▶ **What to work on**
Please copy the records exactly as they appear, with all pictures left out.

Image-backed grounding data:
============

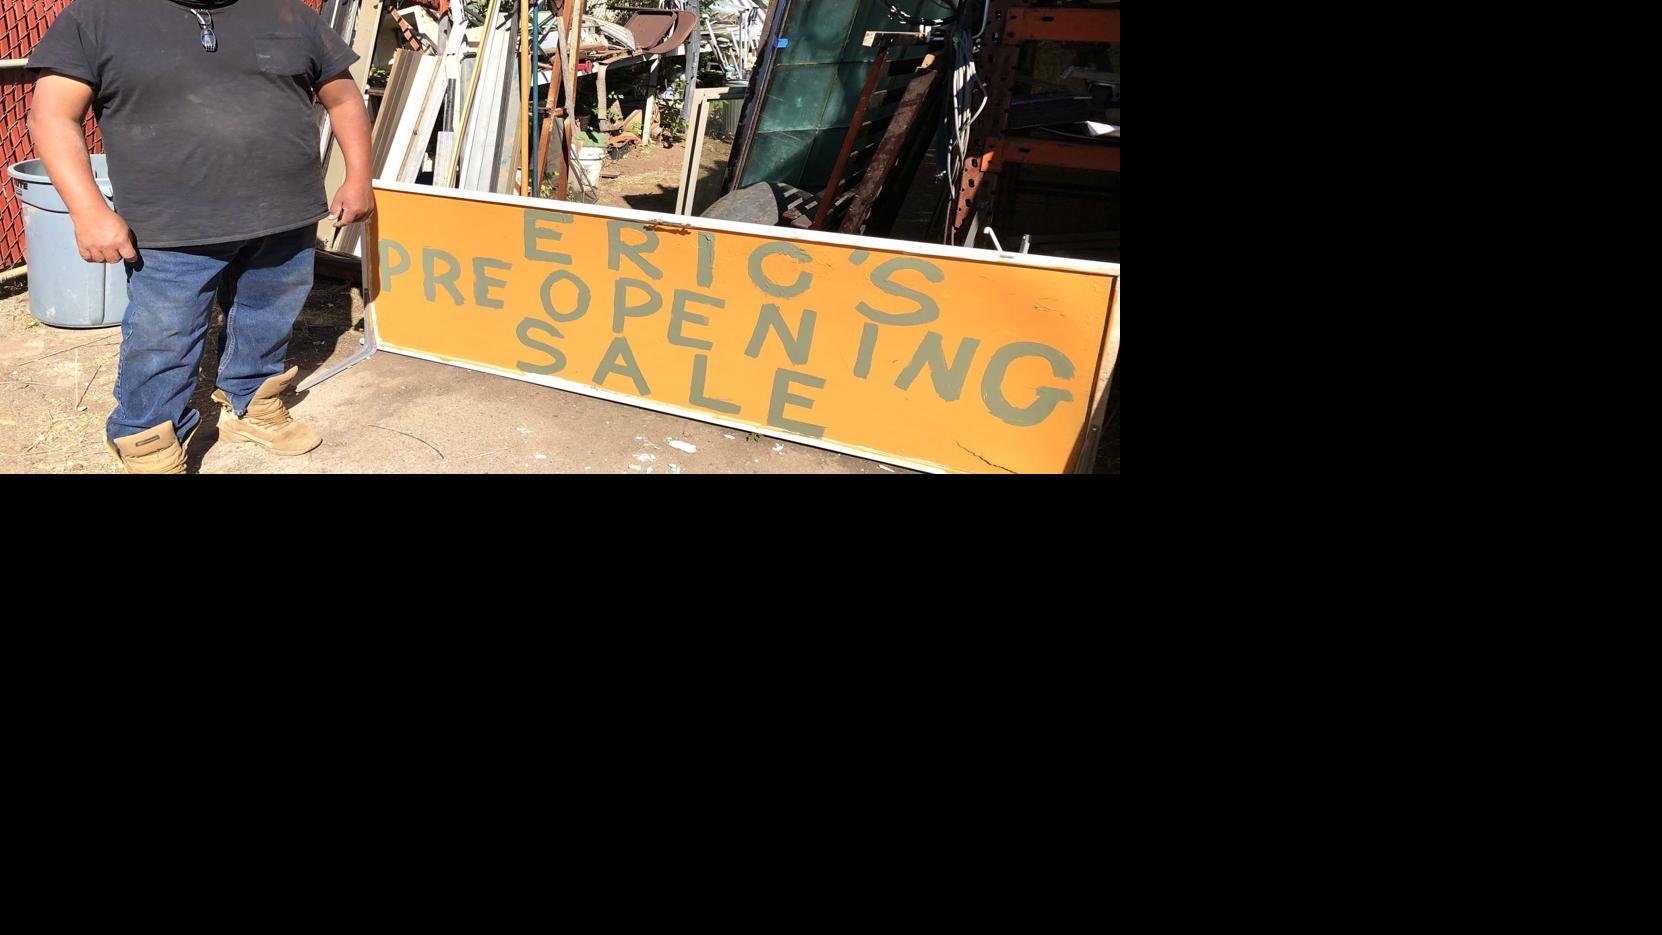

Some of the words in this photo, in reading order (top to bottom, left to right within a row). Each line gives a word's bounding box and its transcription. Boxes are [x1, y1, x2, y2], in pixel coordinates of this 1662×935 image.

[523, 208, 944, 326] ERIC'S
[379, 238, 512, 310] PRE
[540, 269, 1076, 426] OPENING
[516, 317, 827, 440] SALE

============

▶ **Expected answer**
Some of the words in this photo, in reading order (top to bottom, left to right within a row). Each line gives a word's bounding box and its transcription. Boxes are [x1, y1, x2, y2], in pixel coordinates of this 1662×935 image.

[523, 208, 944, 326] ERIC'S
[379, 238, 512, 310] PRE
[540, 269, 1076, 426] OPENING
[516, 317, 827, 440] SALE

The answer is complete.